Consider the problem of modeling the price charged for motor transport service.



Project 2

 Consider the problem of modeling the price charged for motor transport service. In the early 1980s, several states removed regulatory constraints on the rate charged for intrastate trucking services. (Florida was the first state to embark on a deregulation policy on July 1, 1980.) Prior to this time, the state determined price schedules for motor transport service with review and approval by the Public Service Commission. Once approved, individual carriers were not allowed to deviate from these official rates. We want to estimate a model of the supply price for predicting future prices.

The data employed for this purpose (n = 134 observations) were obtained from a population of over 27,000 individual shipments in Florida made by major intrastate carriers before and after deregulation. The shipments of interest were made by one particular carrier whose trucks originated from either the city of Jacksonville or Miami. The dependent variable of interest is y, the natural logarithm of the price (measured in 1980 dollars) charged per ton-mile. The independent variables available for predicting y are listed and described below. These data are saved in the TRUCKING file. 
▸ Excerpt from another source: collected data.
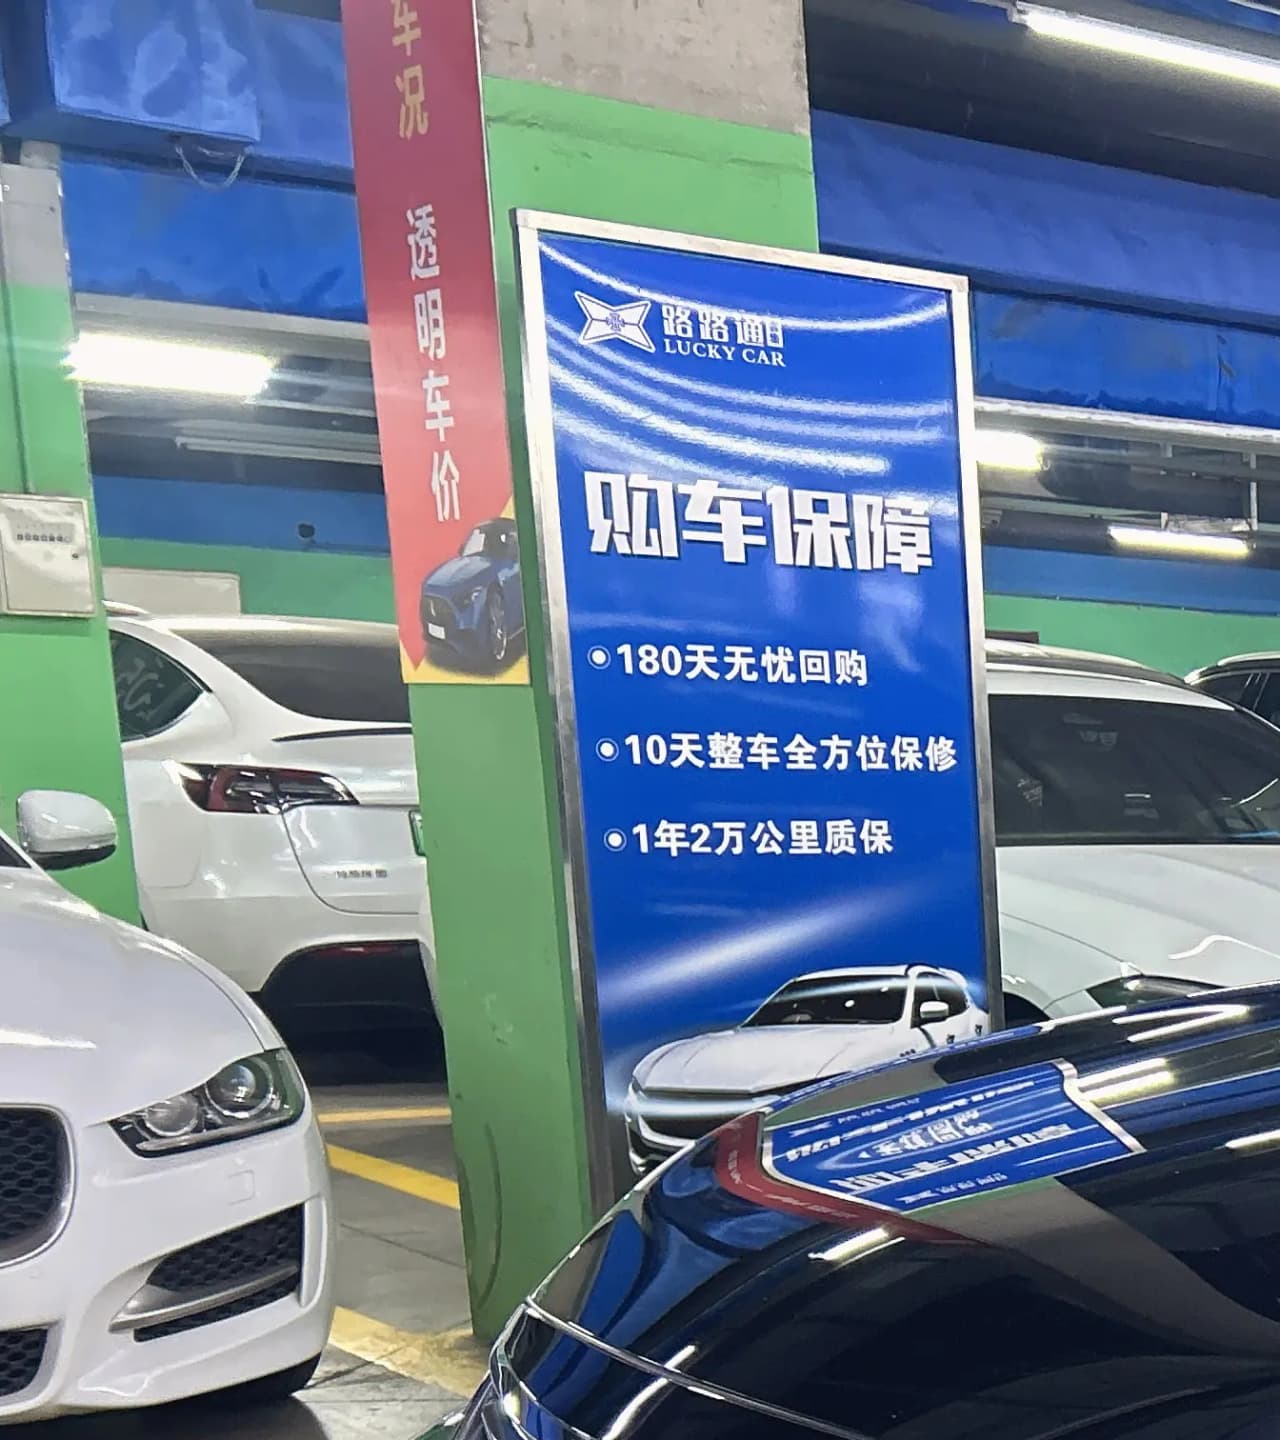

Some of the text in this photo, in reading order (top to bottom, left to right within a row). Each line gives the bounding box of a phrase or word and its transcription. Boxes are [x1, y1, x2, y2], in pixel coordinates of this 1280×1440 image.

[404, 203, 460, 523] 透明车价
[663, 338, 787, 367] LUCKY CAR
[584, 470, 933, 574] 购车保障
[615, 644, 868, 687] 180天无忧回购
[624, 732, 958, 772] 10天整车全方位保修
[632, 818, 894, 857] 1年2万公里质保
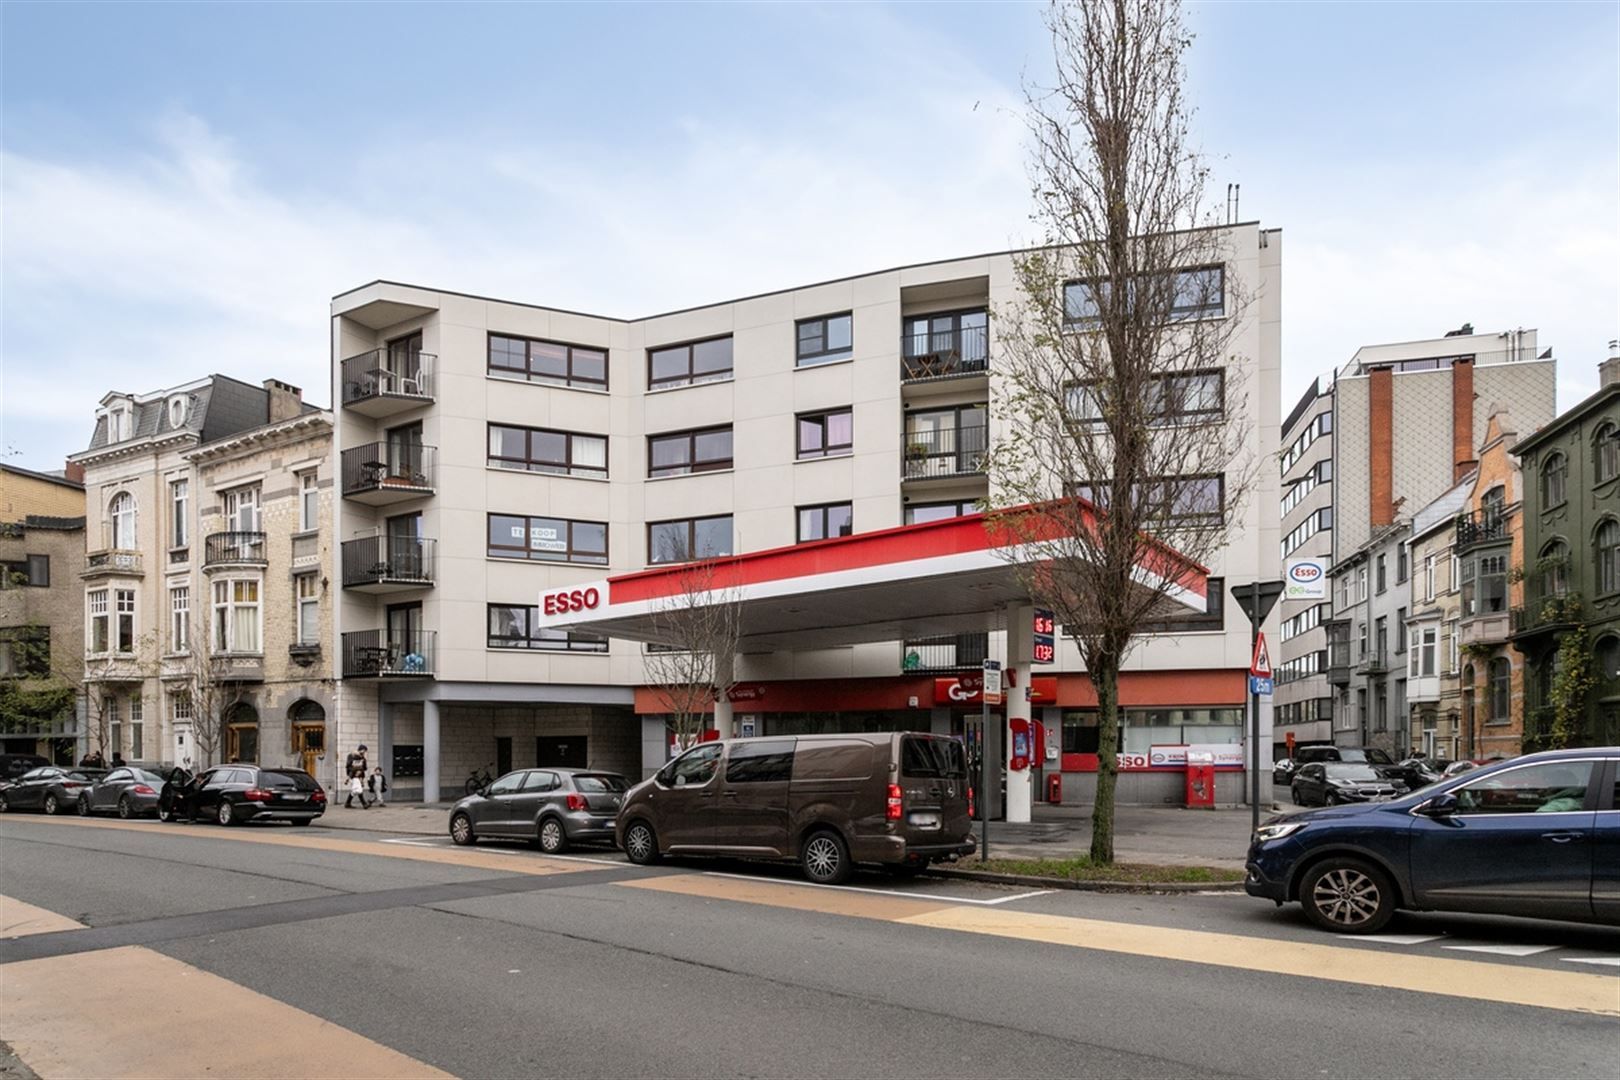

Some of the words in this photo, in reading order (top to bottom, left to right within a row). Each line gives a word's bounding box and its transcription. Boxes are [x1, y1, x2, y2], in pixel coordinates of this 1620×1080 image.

[513, 529, 523, 537] TE
[532, 529, 555, 538] KOOP
[544, 587, 599, 616] ESSO
[1116, 756, 1145, 767] SSO
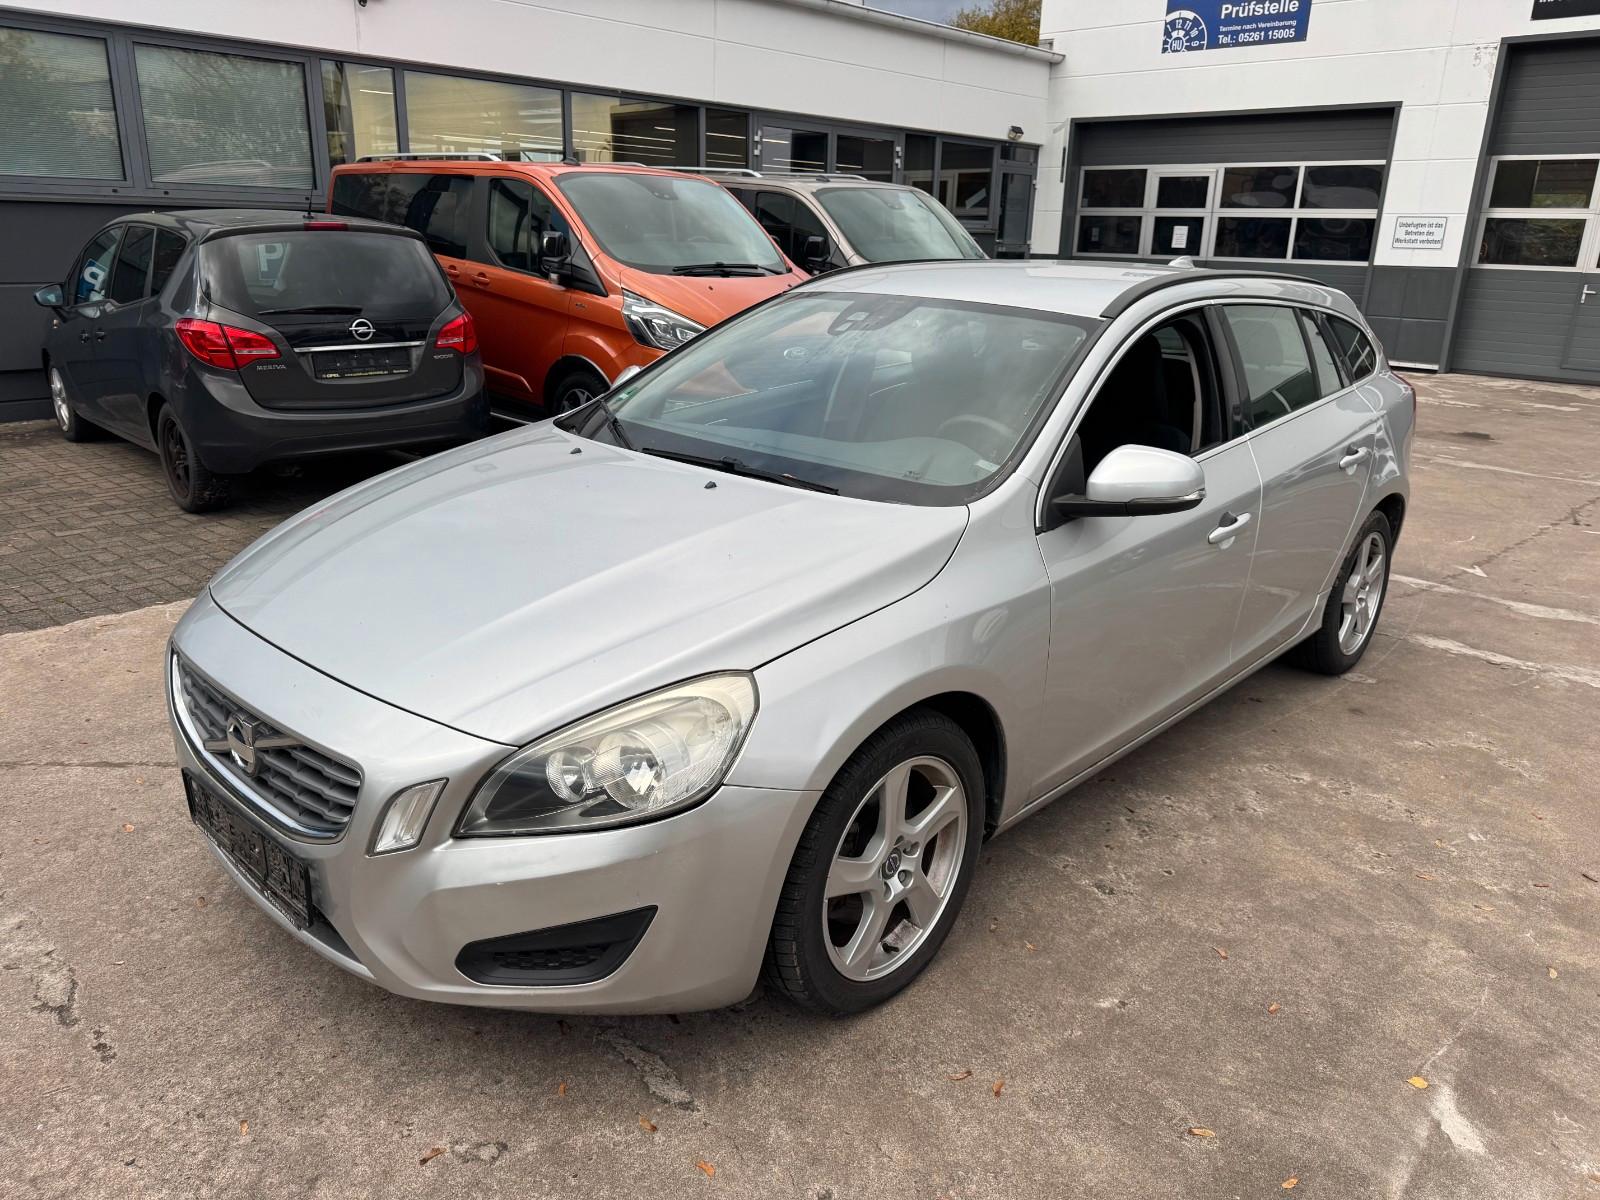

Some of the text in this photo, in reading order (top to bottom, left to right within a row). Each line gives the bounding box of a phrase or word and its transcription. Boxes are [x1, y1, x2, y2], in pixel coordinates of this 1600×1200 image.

[1220, 0, 1299, 19] Prüfstelle
[1175, 19, 1183, 29] 12
[1219, 19, 1297, 32] Termine nach Vereinbarung
[1189, 27, 1199, 38] 10
[1218, 28, 1295, 45] Tel.: 05261 15005
[1171, 40, 1182, 50] HU
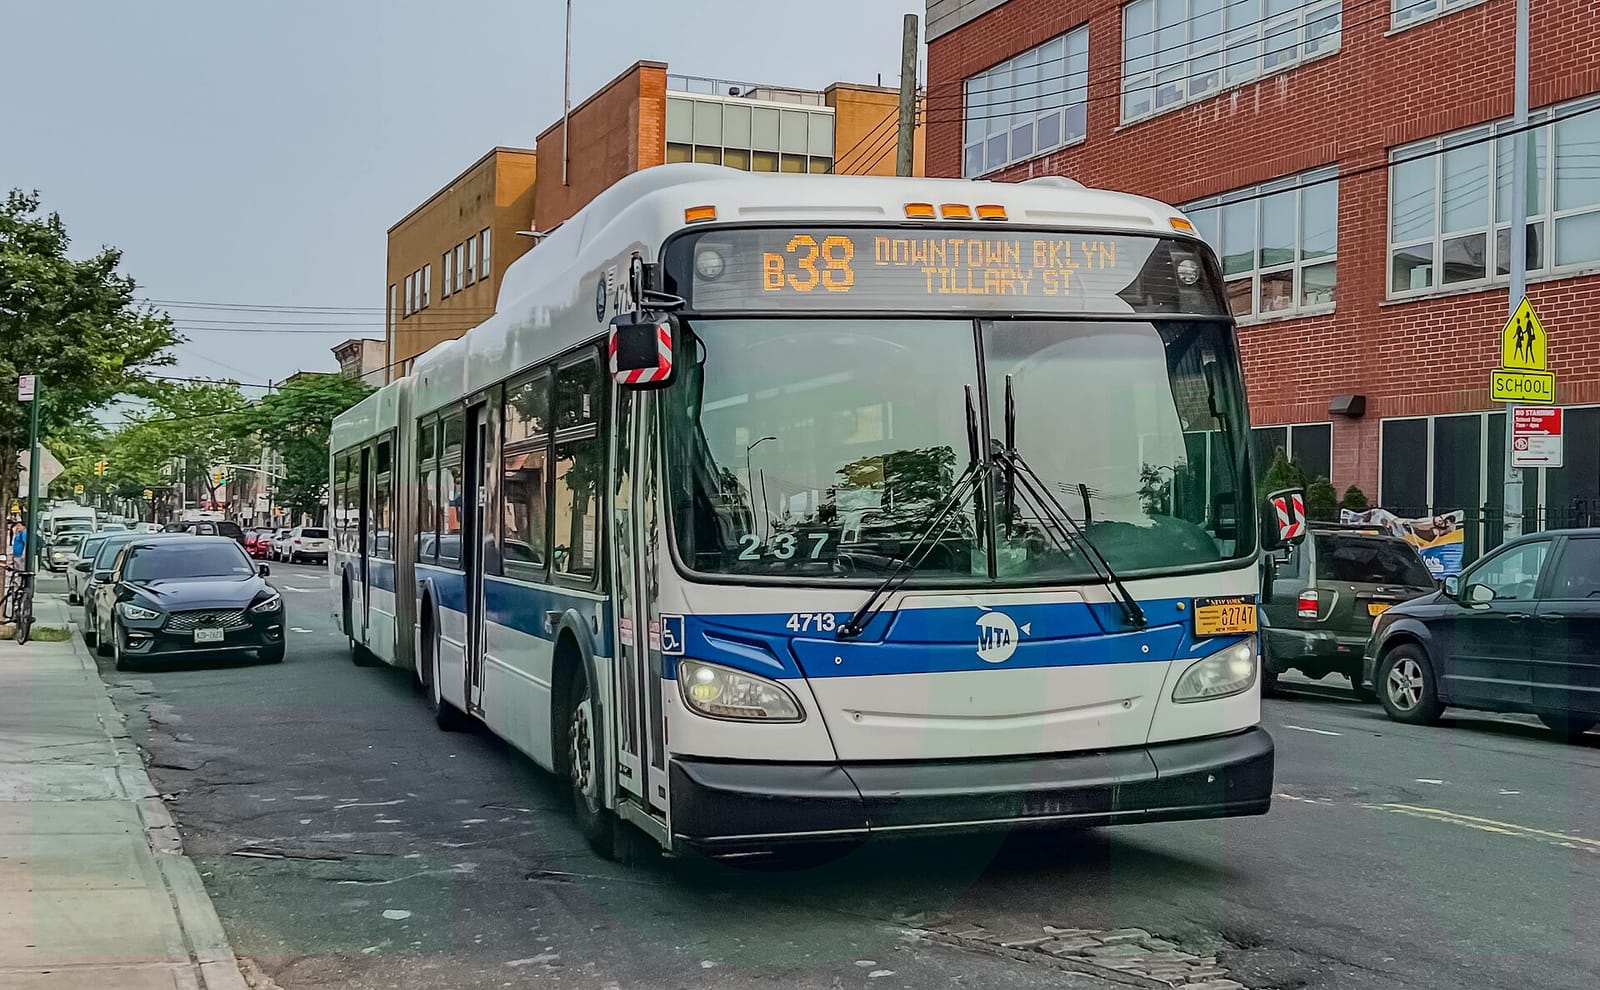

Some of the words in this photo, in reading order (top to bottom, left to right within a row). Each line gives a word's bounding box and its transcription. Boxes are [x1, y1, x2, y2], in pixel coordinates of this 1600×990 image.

[763, 234, 855, 292] B38
[875, 236, 1020, 268] DOWNTOWN
[1033, 239, 1116, 269] BKLYN
[921, 267, 1033, 295] TILLARY
[1042, 269, 1075, 295] ST
[1496, 377, 1550, 394] SCHOOL
[786, 613, 836, 632] 4713
[977, 624, 1010, 652] MTA
1. DISTANCE: Miles travelled (in hundreds) 2. WEIGHT: Weight of product shipped (in 1000 pounds) 3. PCTLOAD: Percent of truck load capacity 4. ORIGIN: City of origin (JAX or MIA) 5. MARKET: Size of market destination (LARGE or SMALL) 6. DEREG: Deregulation in effect (YES or NO) 7. PRODUCT: Product classification (100, 150, or 200) – Value roughly corresponds to the value-to-weight ratios of the goods being shipped (more valuable goods are categorized in the higher classification)

Note the first three variables are quantitative in nature, while the last four variables are all qualitative in nature. Of course, these qualitative independent variables will require the creation of the appropriate number of dummy variables: 1 dummy variable for city of origin, 1 for market size, 1 for deregulation, and 2 for product classification.